More Like This queries

More Like This (MLT) is a feature of Solr which provides for comparisons of documents; you can ask Solr to tell you about any More documents it has that are Like This one.

An MLT query can be part of a standard query (see More Like This.), in which case you’re asking Solr to tell you not only about immediate query results, but also about any other results which are similar to the results you’ve got.

Alternatively, you can feed Solr an entire document that is not already in its index, and ask to do an MLT query on that document.

The first case is covered above in More Like This; the second case we’ll show here.

Basic MLT query

Instead of calling the query method on the interface, we call the mlt_query method.

si.mlt_query(content=open("localfile").read())

We give the MLT handler some content (sourced in this case from a local file); the MLT query will take this text, analyze it, and retrieve documents that are similar according to the results of its analysis.

Because we haven’t specified which fields we care about, the similarity is calculated on the default search field, whatever that is.

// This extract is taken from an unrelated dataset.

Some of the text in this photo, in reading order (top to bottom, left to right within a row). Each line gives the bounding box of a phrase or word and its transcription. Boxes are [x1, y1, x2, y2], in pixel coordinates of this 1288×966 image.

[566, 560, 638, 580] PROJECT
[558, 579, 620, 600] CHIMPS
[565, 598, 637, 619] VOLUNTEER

The results are returned in the same format as illustrated in the mlt() method.

Further MLT query options

If we wanted similarity to be calculated with respect to a different field or fields, that can be specified too:

si.mlt_query(content=open("localfile").read(), fields="name")
si.mlt_query(content=open("localfile").read(), fields=["name", "author_t"])

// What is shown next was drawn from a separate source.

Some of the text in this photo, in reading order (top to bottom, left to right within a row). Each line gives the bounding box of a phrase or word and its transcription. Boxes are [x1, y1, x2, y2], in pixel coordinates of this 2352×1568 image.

We can understand a little more about why we get the results we do by asking for the result of the MLT document analysis.

si.mlt_query(content=open("localfile").read(), interestingTerms="list")
si.mlt_query(content=open("localfile").read(), interestingTerms="details")

“list” will return a list of the interesting terms extracted; “details” will also provide details of the boost used for each term.

If the document you’re supplying is not encoded in UTF-8 (or equivalently ASCII) format, then you need to specify the charset in use (using the list available at http://docs.python.org/library/codecs.html#standard-encodings:

si.mlt_query(content=open("localfile").read(), content_charset="iso-8859-1")

Sourcing content from the web

You can also choose to tell Solr to source the document from the web, by giving the URL for the content rather than supplying it yourself:

si.mlt_query(url="http://example.com/document")

All the other options above still apply to URL-sourced content, except for “content_charset”; that’s up to the webserver where the content is stored.

In all the cases above, you can also specify any of the other options shown in mlt(), apart from “count”.

MLT queries on indexed content

You can perform an MLT query on indexed content in the following way:

si.mlt_query().query(...)

ie - initialize an otherwise empty mlt_query object, and then run queries on it as you would run normal queries. The full range of query operations is supported when composing the query for indexed content:

si.mlt_query().query(title='Whale').exclude(author='Melville').query(si.Q('Moby')|si.Q('Dick'))

Chaining MLT queries

The mlt_query() method is chainable in the same way as the query method. There are a fre differences to note.

  • You can’t chain a query() or exclude() onto an mlt_query() call if the MLT query is based on supplied content or url.
  • You can’t chain multiple mlt_query() methods together - only one content source can be considered at a time.

The mlt_query() method takes all of the mlt() options except “count”.